My path to a PhD was far from conventional. Rather than following the traditional rotation model, I entered graduate school as a Master’s student in a cancer biology lab with the intention of completing my doctorate there. That plan was derailed when an increasingly toxic lab environment made it untenable to continue. With the support of a senior colleague, I transitioned to a microbiology-focused lab, a field in which I had no formal background. What I did bring, however, was hands-on expertise in mouse models and FFPE tissue processing from my cancer biology training.

That skill set proved unexpectedly valuable: my new lab worked with human patient biopsies, and I was the only one with the technical foundation to lead that work.

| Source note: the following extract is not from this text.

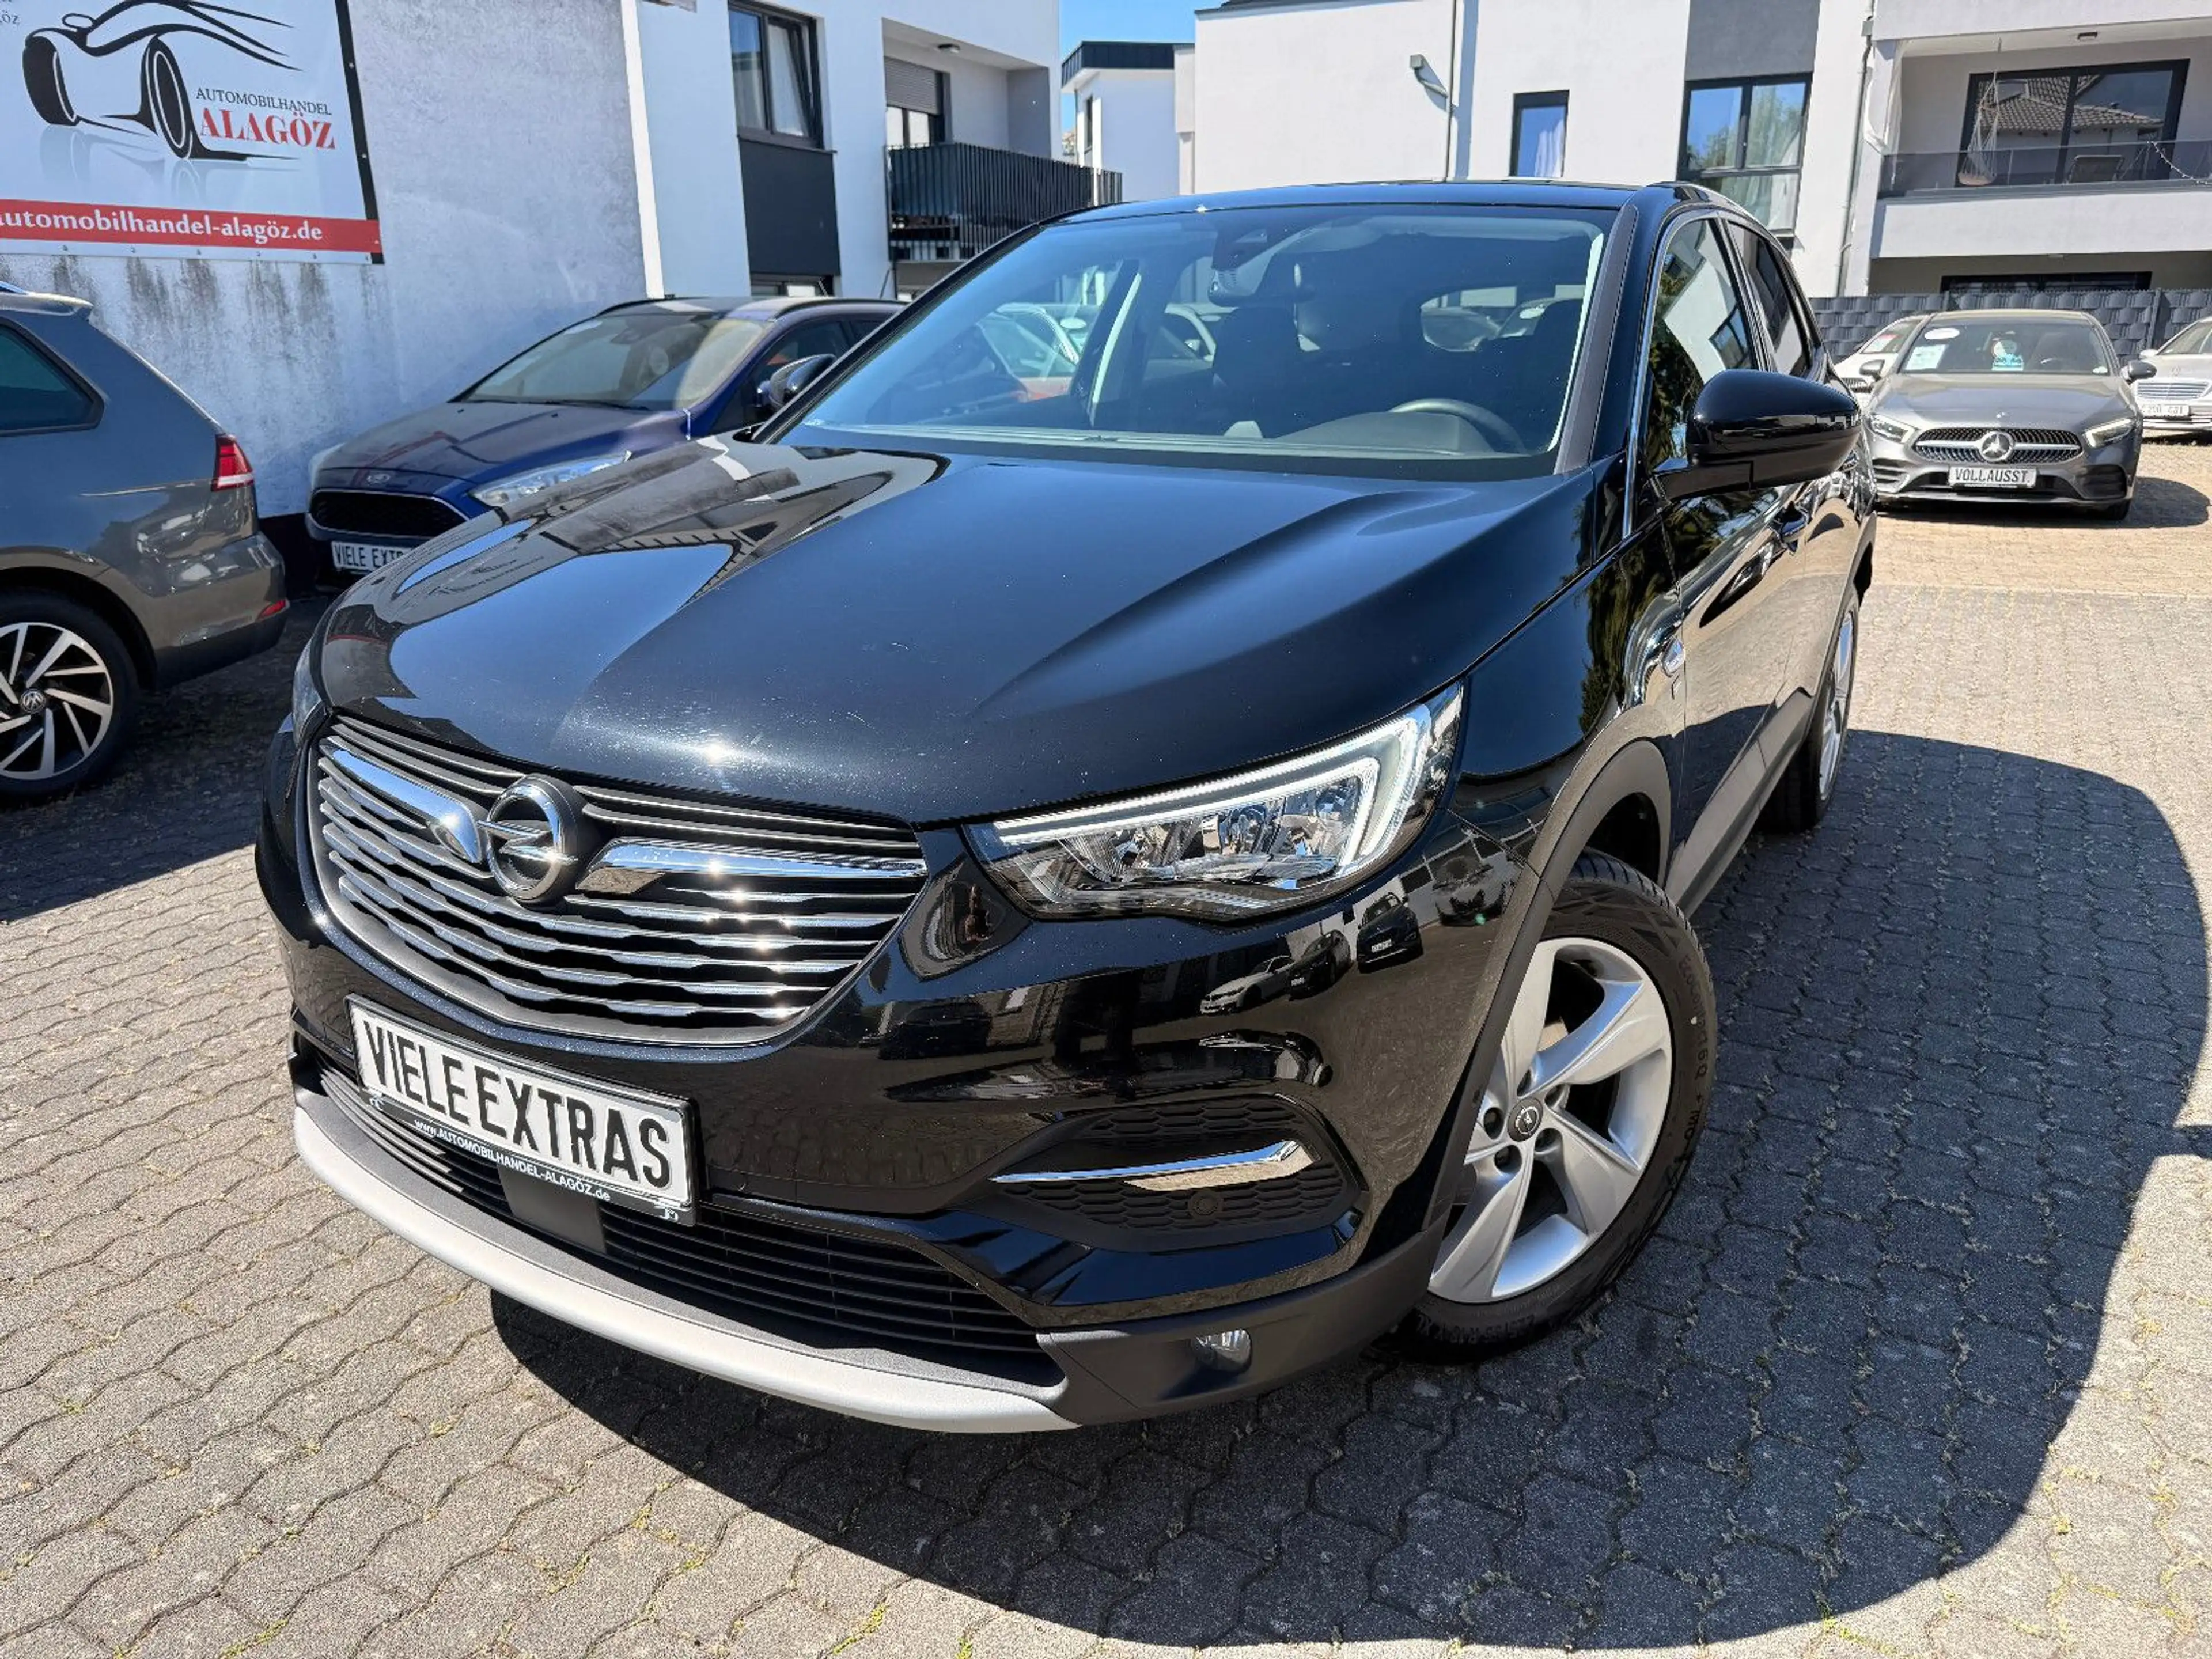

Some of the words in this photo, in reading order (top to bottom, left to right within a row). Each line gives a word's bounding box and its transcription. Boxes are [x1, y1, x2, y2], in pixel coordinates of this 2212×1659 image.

The transition was not without its challenges. Though my new lab was collegial and led by a principled, supportive PI, I often felt isolated in my research. When I encountered obstacles, there was no one nearby with the expertise to help me troubleshoot. Rather than viewing this as a limitation, I reframed it as an opportunity. I began actively seeking collaborations outside my lab, contributing to diverse projects across different groups.

While these efforts did not always yield first-author publications, they produced a meaningful bibliography that reflected the breadth of my scientific contributions and expanded my professional network considerably. This approach also opened doors I had not anticipated. I secured a fellowship that placed me under the mentorship of a leading scientist in my field: an opportunity I could not have accessed through traditional channels. That experience reshaped how I understood my own research and gave me a level of scientific perspective I had not thought possible at that stage of my training. My postdoctoral position, too, was ultimately secured through the relationships I had cultivated over the course of my PhD.

If there is one lesson I would offer, it is this: proactive connection-building is the most valuable investment you can make during graduate school — more so, perhaps, than a first-author publication or a narrowly focused research agenda. Collaborations and mentorships compound over time. They open doors that credentials alone rarely can.